== Segment start ==
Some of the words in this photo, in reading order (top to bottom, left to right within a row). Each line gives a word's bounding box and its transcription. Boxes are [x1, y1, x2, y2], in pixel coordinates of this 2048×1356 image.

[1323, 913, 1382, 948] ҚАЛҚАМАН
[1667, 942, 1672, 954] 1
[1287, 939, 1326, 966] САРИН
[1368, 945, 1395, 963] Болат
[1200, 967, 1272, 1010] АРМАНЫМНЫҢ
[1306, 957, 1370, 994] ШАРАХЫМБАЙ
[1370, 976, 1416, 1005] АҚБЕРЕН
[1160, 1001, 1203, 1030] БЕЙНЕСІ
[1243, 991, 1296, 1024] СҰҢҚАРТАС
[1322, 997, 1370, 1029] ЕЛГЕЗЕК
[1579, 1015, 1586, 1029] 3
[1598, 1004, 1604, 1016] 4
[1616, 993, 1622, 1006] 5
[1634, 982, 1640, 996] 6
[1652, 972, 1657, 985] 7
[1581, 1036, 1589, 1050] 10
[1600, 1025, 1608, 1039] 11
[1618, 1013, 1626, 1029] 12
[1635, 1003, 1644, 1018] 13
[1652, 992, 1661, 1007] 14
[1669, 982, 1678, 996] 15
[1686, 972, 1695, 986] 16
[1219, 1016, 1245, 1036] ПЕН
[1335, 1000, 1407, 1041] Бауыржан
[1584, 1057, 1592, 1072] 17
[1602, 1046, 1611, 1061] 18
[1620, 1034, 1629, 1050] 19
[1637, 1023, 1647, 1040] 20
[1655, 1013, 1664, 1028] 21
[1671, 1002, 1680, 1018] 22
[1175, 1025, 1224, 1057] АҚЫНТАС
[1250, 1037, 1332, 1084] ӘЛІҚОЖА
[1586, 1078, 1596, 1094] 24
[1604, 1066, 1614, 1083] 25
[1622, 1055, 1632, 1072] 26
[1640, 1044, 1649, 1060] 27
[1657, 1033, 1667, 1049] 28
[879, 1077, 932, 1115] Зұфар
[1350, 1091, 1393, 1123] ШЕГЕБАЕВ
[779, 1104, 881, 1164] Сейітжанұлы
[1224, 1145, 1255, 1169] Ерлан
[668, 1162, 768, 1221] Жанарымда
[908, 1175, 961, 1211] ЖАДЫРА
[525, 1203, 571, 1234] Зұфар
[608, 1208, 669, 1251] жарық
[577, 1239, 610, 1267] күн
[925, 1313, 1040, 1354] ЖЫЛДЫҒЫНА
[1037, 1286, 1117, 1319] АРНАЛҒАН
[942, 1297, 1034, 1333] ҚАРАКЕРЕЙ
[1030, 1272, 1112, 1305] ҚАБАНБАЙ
== Segment end ==
**What is expected:** The full data, repeated exactly, is the only acceptable output.

**Output for this exercise:**
Some of the words in this photo, in reading order (top to bottom, left to right within a row). Each line gives a word's bounding box and its transcription. Boxes are [x1, y1, x2, y2], in pixel coordinates of this 2048×1356 image.

[1323, 913, 1382, 948] ҚАЛҚАМАН
[1667, 942, 1672, 954] 1
[1287, 939, 1326, 966] САРИН
[1368, 945, 1395, 963] Болат
[1200, 967, 1272, 1010] АРМАНЫМНЫҢ
[1306, 957, 1370, 994] ШАРАХЫМБАЙ
[1370, 976, 1416, 1005] АҚБЕРЕН
[1160, 1001, 1203, 1030] БЕЙНЕСІ
[1243, 991, 1296, 1024] СҰҢҚАРТАС
[1322, 997, 1370, 1029] ЕЛГЕЗЕК
[1579, 1015, 1586, 1029] 3
[1598, 1004, 1604, 1016] 4
[1616, 993, 1622, 1006] 5
[1634, 982, 1640, 996] 6
[1652, 972, 1657, 985] 7
[1581, 1036, 1589, 1050] 10
[1600, 1025, 1608, 1039] 11
[1618, 1013, 1626, 1029] 12
[1635, 1003, 1644, 1018] 13
[1652, 992, 1661, 1007] 14
[1669, 982, 1678, 996] 15
[1686, 972, 1695, 986] 16
[1219, 1016, 1245, 1036] ПЕН
[1335, 1000, 1407, 1041] Бауыржан
[1584, 1057, 1592, 1072] 17
[1602, 1046, 1611, 1061] 18
[1620, 1034, 1629, 1050] 19
[1637, 1023, 1647, 1040] 20
[1655, 1013, 1664, 1028] 21
[1671, 1002, 1680, 1018] 22
[1175, 1025, 1224, 1057] АҚЫНТАС
[1250, 1037, 1332, 1084] ӘЛІҚОЖА
[1586, 1078, 1596, 1094] 24
[1604, 1066, 1614, 1083] 25
[1622, 1055, 1632, 1072] 26
[1640, 1044, 1649, 1060] 27
[1657, 1033, 1667, 1049] 28
[879, 1077, 932, 1115] Зұфар
[1350, 1091, 1393, 1123] ШЕГЕБАЕВ
[779, 1104, 881, 1164] Сейітжанұлы
[1224, 1145, 1255, 1169] Ерлан
[668, 1162, 768, 1221] Жанарымда
[908, 1175, 961, 1211] ЖАДЫРА
[525, 1203, 571, 1234] Зұфар
[608, 1208, 669, 1251] жарық
[577, 1239, 610, 1267] күн
[925, 1313, 1040, 1354] ЖЫЛДЫҒЫНА
[1037, 1286, 1117, 1319] АРНАЛҒАН
[942, 1297, 1034, 1333] ҚАРАКЕРЕЙ
[1030, 1272, 1112, 1305] ҚАБАНБАЙ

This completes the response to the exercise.